亀田在宅では定期的にポートフォリオ勉強会を開催していて、来年から再来年にかけて専門医取得を目指す面々が持ち回りで自身のショーケースポートフォリオ(の卵)を発表しています。
今回はフェローの江口医師による「Dr.とNs.が共にエンゼルケアをやること」に関してDiscussionしました。
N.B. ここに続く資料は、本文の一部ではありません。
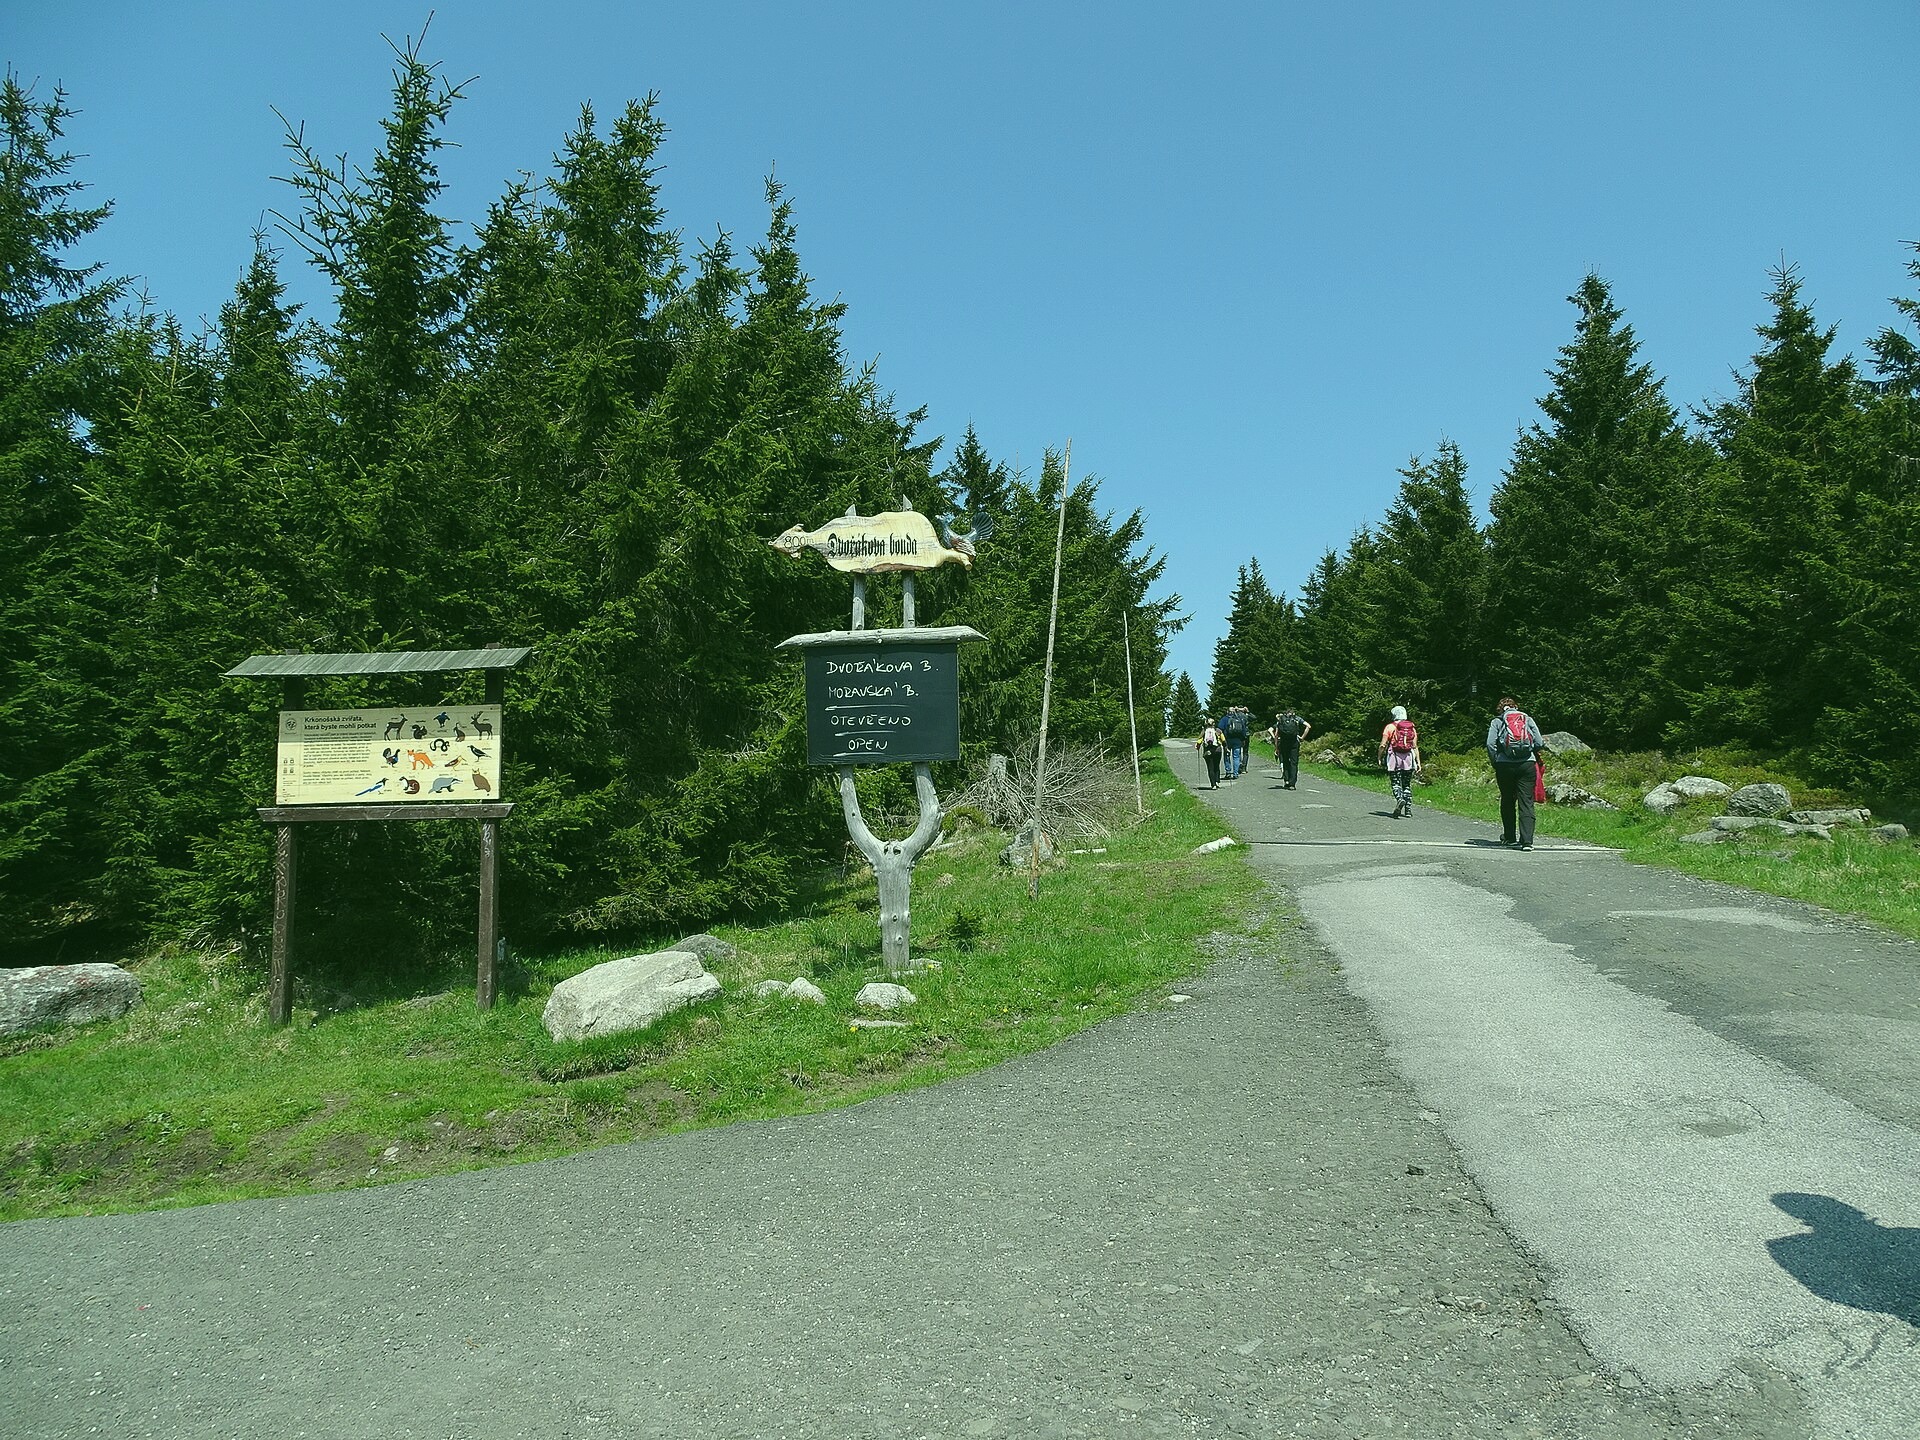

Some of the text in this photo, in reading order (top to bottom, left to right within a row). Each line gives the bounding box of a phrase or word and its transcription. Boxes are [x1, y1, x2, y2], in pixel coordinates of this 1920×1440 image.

[889, 533, 917, 556] bouda
[920, 660, 939, 672] B.
[902, 684, 920, 697] B.
[848, 738, 888, 751] OPEN
亀田在宅では、看取りの際に、看護師と同行して、死亡診断ののちに、エンゼルケアを一緒に行います。
これまで病院勤務をしていた身としては、エンゼルケアを一緒に行うことは新鮮でした。
日本は、死後もそこにその方がいると感じる深い歴史と文化があります。
エンゼルケアとは、単純な死後処置とは違い

  • 死に至った患者や死に立ち会う家族に対して、「これまでのケアの延長」としてできる限りの援助を行う
  • 死後も患者の存在を認め、家族の意向を尊重しながら、「患者の尊厳が死後も保たれる」ように配慮をし、家族が死と向き合い、死を受容するための環境を作る
  • 医療者自身も、ケアの区切りと考え、今後のケア業務への糧とする

と考えられます。
「医師がエンゼルケアを行うこと」で、ご遺族や看護師、医者自身の、満足度や悲嘆への適応についてを考えました。
ご遺体のケアを、看護師が家族と一緒に行うことについての家族の体験・評価医師を対象とした設問といった文献がありましたが、いまだ検討されるものだろうと思います。
(現実的には、他の定期訪問、臨時対応の可能性、コスト面が懸念点ではありますね)
のちのグリーフケアにつながる大切なひと時に寄り添えるように、
引き続き、患者さんの旅立ちの手伝いと、ご遺族や医療者が死と向き合い、死を受容するための環境作りをさせて頂きます。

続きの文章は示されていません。